Pada saat ini hampir setiap hari terjadi tawuran antar pelajar, terutama di kota-kota besar di Indonesia baik antar pelajar, mahasiswa, bahkan warga atau pun suku yang berbeda kepentingan. Tetapi yang paling sering terjadi adalah tawuran antar pelajar, padahal mereka sendiri sebagai masa depan bangsa di sekolahkan agar memiliki akal bukan malah menjadi nakal.

disini ada beberapa penyebab pelajar tawuran seperti:

  • lemahnya pengawasan orang tua terhadap pergaulan anak
  • kurangnya kasih sayang orang tua
  • broken home
  • pengaruh lingkungan pergaulan (kelompok)
  • serta beban berat tekanan sistem pendidikan yang membuat anak stress
  • dan yang lainnya.

untuk mengurangi terjadinya tawuran antar pelajar menteri Pendidikan dan Kebudayaan (Mendikbud), Mohammad Nuh berencana menambah jam siswa di sekolah. Rencana itu akan dilebur seiring dengan kurikulum nasional yang diperbarui. Mendikbud menilai, ada nilai sosial yang berubah, terlalu lama di luar sekolah membuat anak terpancing melakukan hal negatif.

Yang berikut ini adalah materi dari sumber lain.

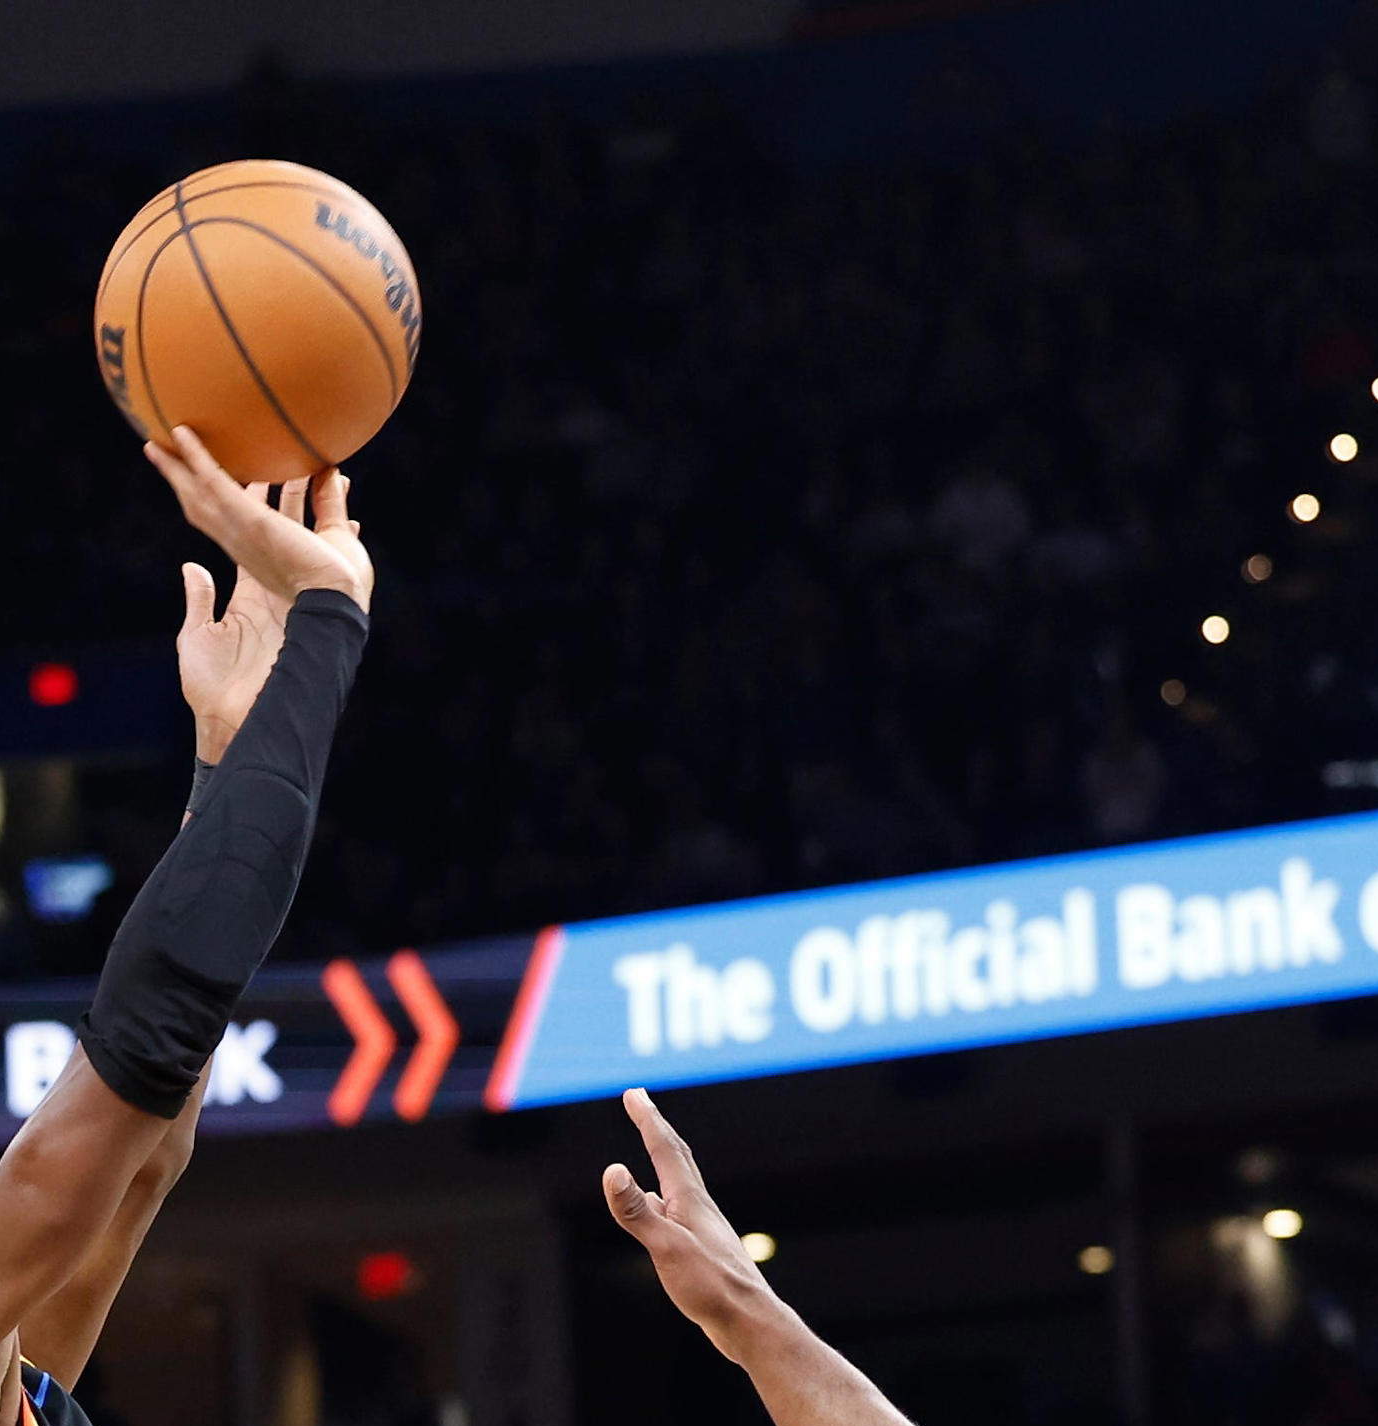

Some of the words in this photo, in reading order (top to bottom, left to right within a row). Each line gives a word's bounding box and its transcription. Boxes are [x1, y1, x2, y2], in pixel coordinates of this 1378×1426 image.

[613, 943, 776, 1056] The
[789, 887, 1097, 1033] Official
[1116, 856, 1344, 990] Bank
[4, 1018, 283, 1119] BK

“Mengapa perubahan jam sekolah ini dibutuhkan? Karena kondisi sosial kita berubah. Kalau dulu kita pulang ke rumah itu orangtua masih ada dan permainan juga masih baik tapi sekarang begitu pulang sekolah anak cenderung liar karena orangtua terlalu sibuk dan kita ingin menahan mereka biar lebih lama di sekolah,” kata Nuh. Senada yang disampaikan Anggota Komisi X DPR RI Raihan Iskandar setuju dengan rencana pemerintah menambah jam belajar di sekolah. Menurutnya, perlunya pengemasan kurikulum yang nyaman bertujuan  untuk memacu kreatifitas anak-anak sejalan dengan diberikannya waktu bereksperimen atau mempraktekkan mata pelajaran seperti Matematika terapan, Fisika dan Kimia terapan, Kewirausahaan terapan, dan kegiatan sosial lainnya.

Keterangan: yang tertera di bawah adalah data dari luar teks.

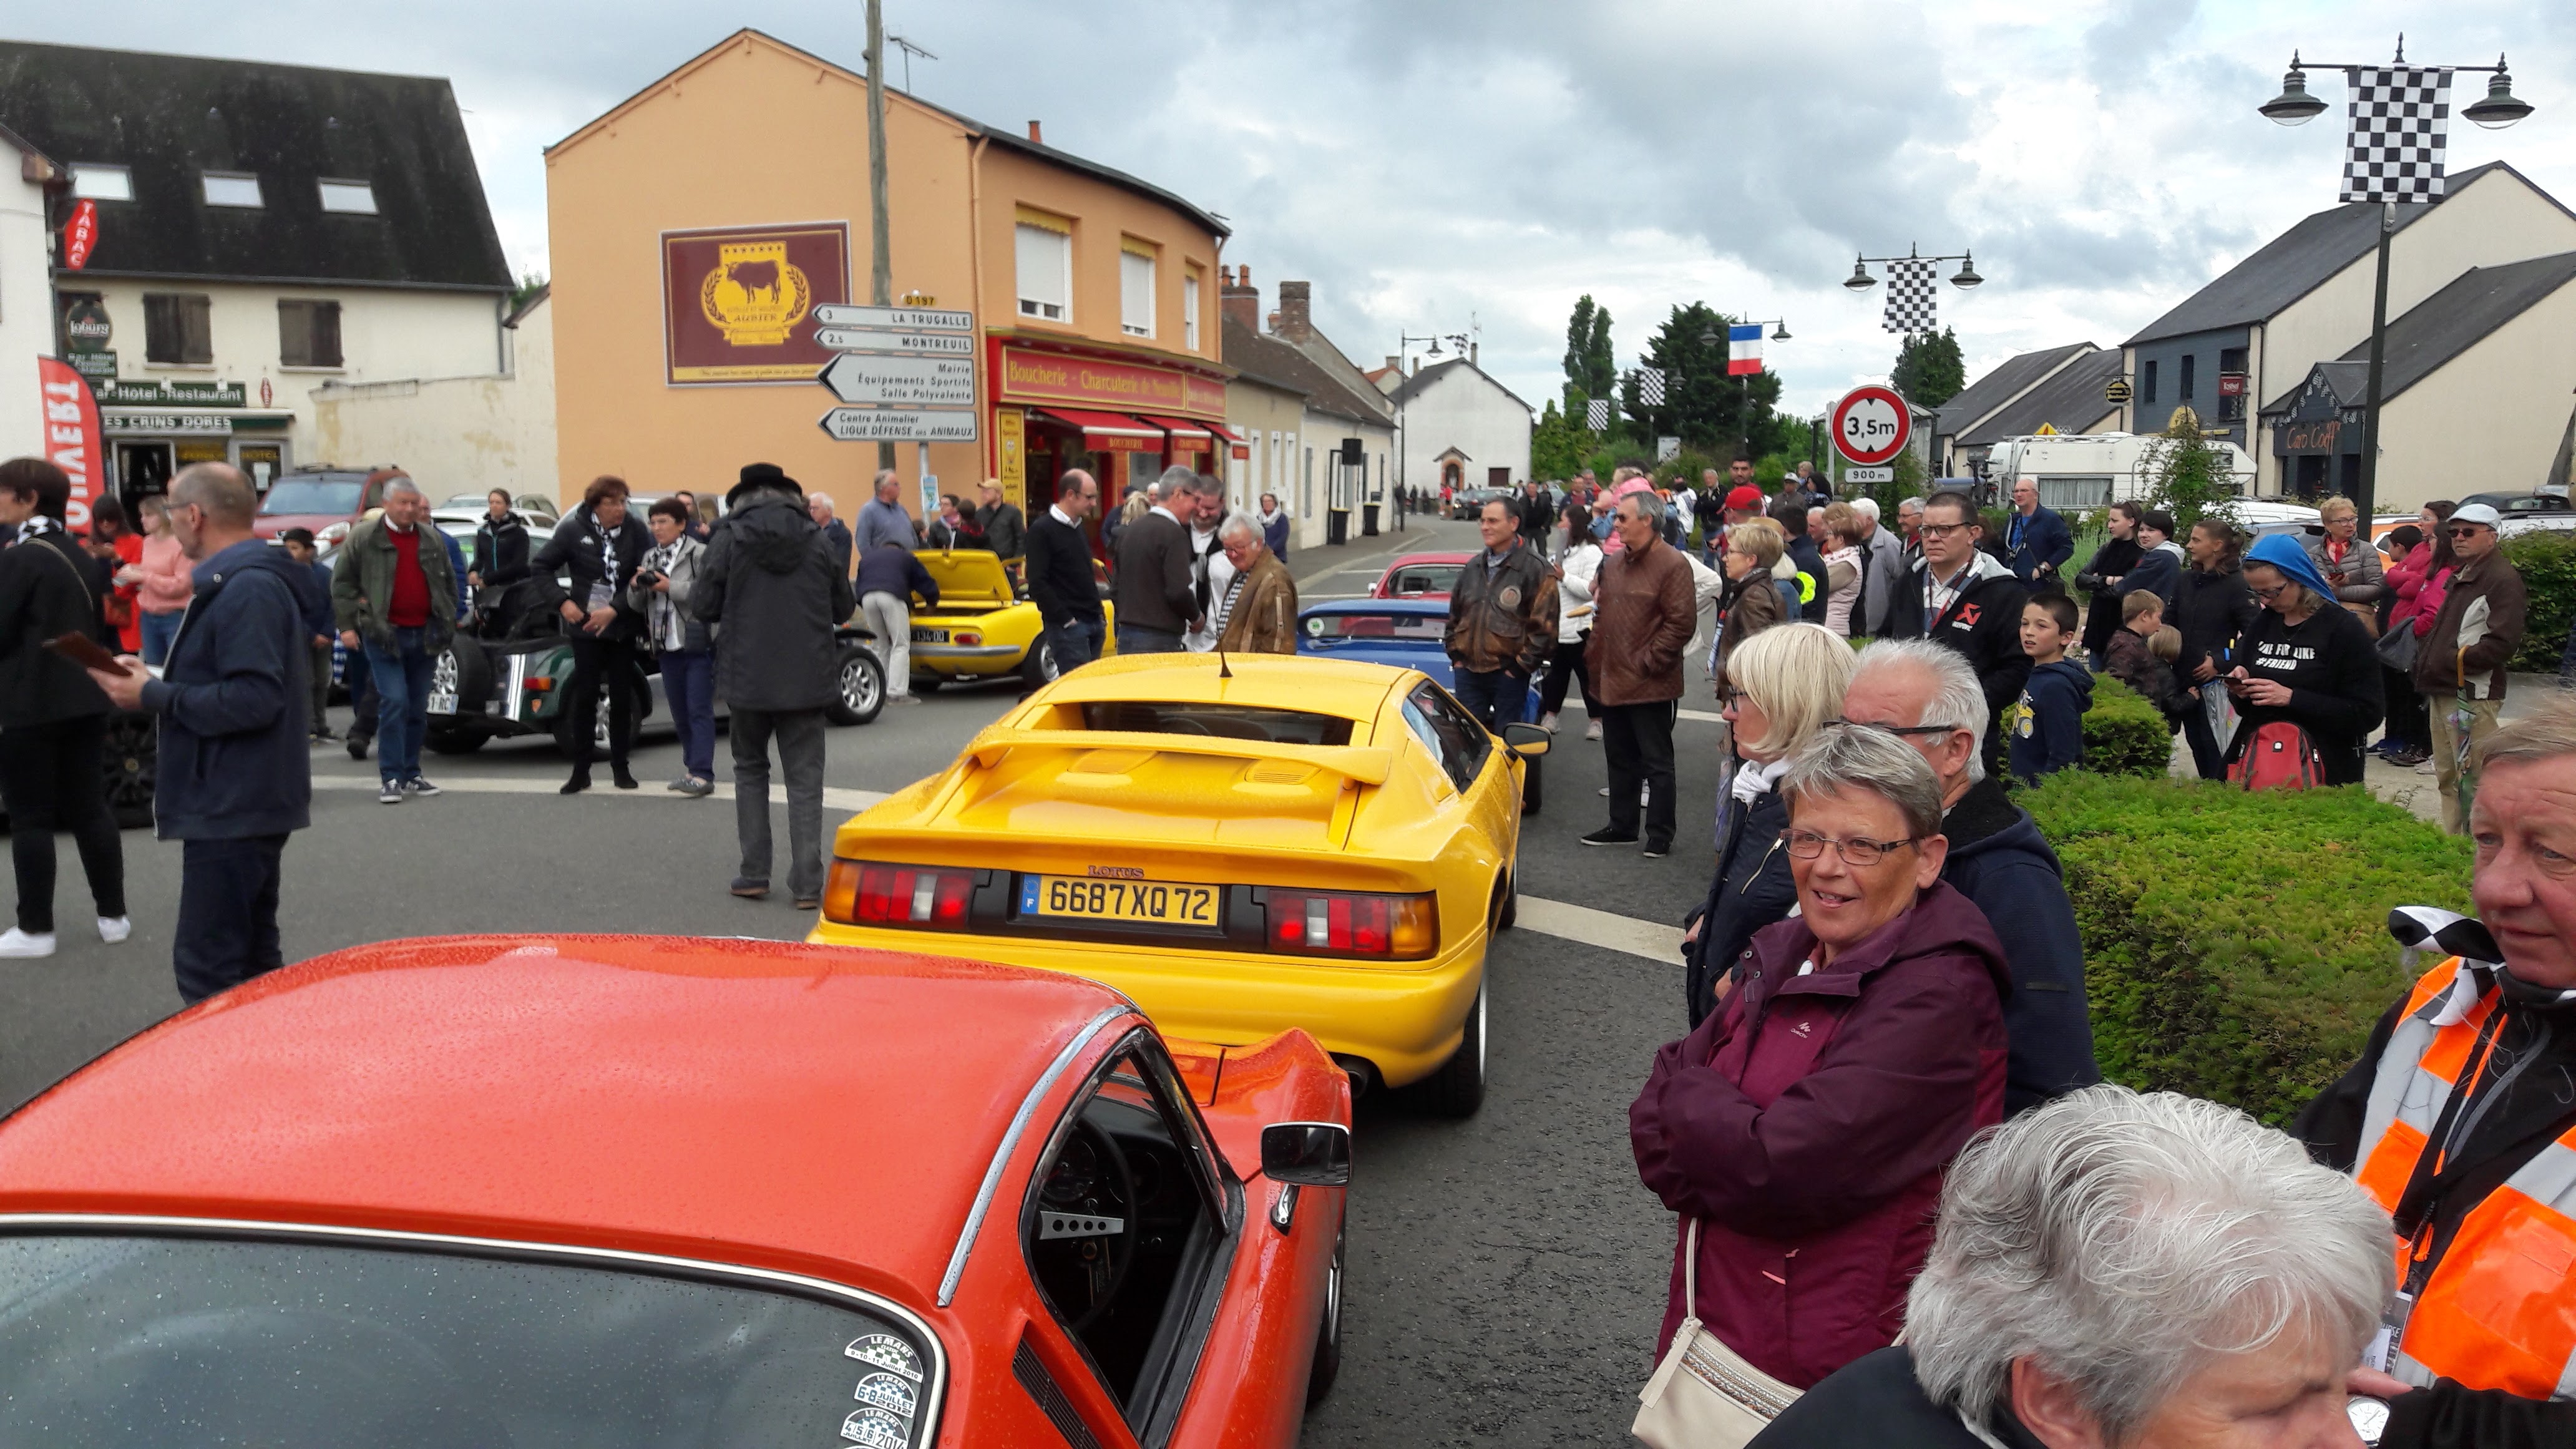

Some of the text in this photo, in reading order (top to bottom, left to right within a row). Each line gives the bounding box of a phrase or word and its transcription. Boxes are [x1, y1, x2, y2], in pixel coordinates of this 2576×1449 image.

[71, 201, 94, 266] TABAC
[827, 310, 968, 326] 3 LA TRUGALLE
[902, 337, 969, 350] MONTREUIL
[938, 363, 970, 374] Mairie
[1009, 360, 1068, 387] Boucherie
[858, 372, 971, 388] Équipements Sportifs
[95, 387, 109, 401] ar
[118, 386, 157, 401] Hotel
[167, 385, 242, 402] Restaurant
[881, 388, 971, 401] Salle Polyvalente
[104, 415, 123, 427] ES
[129, 415, 175, 428] CRINS
[840, 412, 919, 424] Centre Animalier
[840, 424, 868, 435] LIGUE
[872, 424, 912, 436] DÉFENSE
[930, 426, 973, 437] ANIMAUX
[1847, 416, 1895, 439] 3,5m
[1109, 437, 1143, 449] BOUCHERIE
[1853, 471, 1875, 479] 900
[2293, 646, 2316, 660] LIKE
[2255, 657, 2297, 671] #FRIEND
[1088, 865, 1144, 879] LOTUS
[1027, 897, 1035, 908] F
[871, 1336, 913, 1359] LE MANS
[881, 1359, 901, 1373] Juillet
[903, 1369, 919, 1379] 2010
[886, 1375, 907, 1391] MANS
[876, 1398, 912, 1416] 2012
[877, 1392, 914, 1409] JUILLET
[875, 1410, 899, 1428] MANS
[842, 1432, 872, 1443] JUILLET

Tapi ada beberapa pihak yang merasa kurang setuju dengan usulan tersebut, karena ada anggapan sekolah bahwa sekolah bisa sebagai tempat penitipan anak saja. Bagaimana dengan peran orang tua dalam mendidik anak-anaknya? Ini juga yang mesti diberikan pemahaman kepada orang tua siswa.

Ada pula beberapa solusi untuk mengurangi tawuran yang seharusnya di lakukan :

  • Para pelajar wajib diajarkan dan memahami bahwa semua permasalahan tidak akan selesai jika penyelesaiannya dengan menggunakan kekerasan.
  • Melakukan komunikasi dan pendekatan secara khusus kepada para pelajar untuk mengajarkan cinta kasih.
  • Memberikan arti pengajaran ilmu beladiri yang mempunyai prinsip penggunaan untuk menyelamatkan orang dan bukan untuk menyakiti orang lain.
  • Memberikan pelajaran tentang agama yang mendalam, agar para pelajar bisa membedakan mana perbuatan baik dan buruk.
  • Mengajarkan ilmu yang membahas tentang hokum,norma di lingkungan pelajar.
  • Mengajarkan ilmu sosial Budaya, ilmu sosial budaya sangat bermanfaat untuk pelajar khususnya, yaitu agar tidak salah menempatkan diri di lingkungan masyarakat.
  • Tindakan kekerasan pasti akan menular, Pihak yang berwenang haruslah tegas memberikan sanksi untuk pelaku tindak kekerasan.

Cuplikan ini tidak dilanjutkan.